The xlstm library needs to be installed manually - also check that pip3 install Ninja is installed.

The German Wikipedia dump from this repository is used.

The following training configuration is used:

description: "Train a wikipedia xLSTM"

training:
  model_name: "german_wikipedia"
  batch_size: 10
  lr: 6e-4
  lr_warmup_steps: 4584
  lr_decay_until_steps: "auto"
  lr_decay_factor: 0.001
  weight_decay: 0.1
  amp_precision: bfloat16
  weight_precision: float32
  enable_mixed_precision: true
  num_epochs: 1
  output_dir: "./output"
  save_every_step: 2000
  log_every_step: 10
  generate_every_step: 5000
  wandb_project: "xlstm"
  max_grad_norm: 0.25
  # wandb_project: "lovecraftxlstm"

model:
  num_blocks: 24
  embedding_dim: 768
  mlstm_block:
    mlstm:
      num_heads: 4
  slstm_block: {}
  slstm_at: []
  context_length: 512

dataset:
  output_path: "./output/german-wikipedia-dataset"
  hugging_face_id: ["stefan-it/dewiki-20230701"]
  split: "train" # Also subsetting is possible: "train[:100000]"
  shuffle: False
  seed: 42

tokenizer:
  type: "pretrained"
  pretrained_class: "LlamaTokenizer"
  pretrained_id: "meta-llama/Llama-2-7b-hf"

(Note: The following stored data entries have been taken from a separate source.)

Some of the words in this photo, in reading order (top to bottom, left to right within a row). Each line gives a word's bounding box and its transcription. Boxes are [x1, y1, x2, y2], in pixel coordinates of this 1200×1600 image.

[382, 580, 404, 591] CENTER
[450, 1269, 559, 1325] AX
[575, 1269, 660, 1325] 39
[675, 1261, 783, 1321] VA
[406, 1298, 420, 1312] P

The training loss curve can be seen here:

Training Loss

The uploaded model checkpoint is from 458,431 steps (1 epoch over corpus). Training took 1d 3h 17m 58s on a single RTX 4090.

Usage

It is possible to use the model to generate some text:

from transformers import AutoModelForCausalLM, AutoTokenizer

model_name_or_path = "stefan-it/xlstm-german-wikipedia"

model = AutoModelForCausalLM.from_pretrained(model_name_or_path)
tokenizer = AutoTokenizer.from_pretrained(model_name_or_path)

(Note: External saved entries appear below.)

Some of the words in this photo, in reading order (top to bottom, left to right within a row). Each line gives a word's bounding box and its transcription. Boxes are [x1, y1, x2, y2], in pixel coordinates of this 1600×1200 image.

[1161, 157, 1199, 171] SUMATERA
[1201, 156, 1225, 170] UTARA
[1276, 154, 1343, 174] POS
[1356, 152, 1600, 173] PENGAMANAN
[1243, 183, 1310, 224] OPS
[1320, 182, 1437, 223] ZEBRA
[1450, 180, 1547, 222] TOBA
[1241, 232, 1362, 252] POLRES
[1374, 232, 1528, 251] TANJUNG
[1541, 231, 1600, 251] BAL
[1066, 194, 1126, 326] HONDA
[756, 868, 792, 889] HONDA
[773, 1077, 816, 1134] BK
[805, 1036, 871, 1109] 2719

input_ids = tokenizer.encode("Heute ist schönes Wetter in", return_tensors="pt")
output = model.generate(input_ids, max_length=100, temperature=0.7, do_sample=True)
generated_text = tokenizer.decode(output[0], skip_special_tokens=True)

print(generated_text)

Caveats

Notice: this model integration is heavily under development. And in the process of finding good hyper-parameters. Also downstream experiments are coming very soon.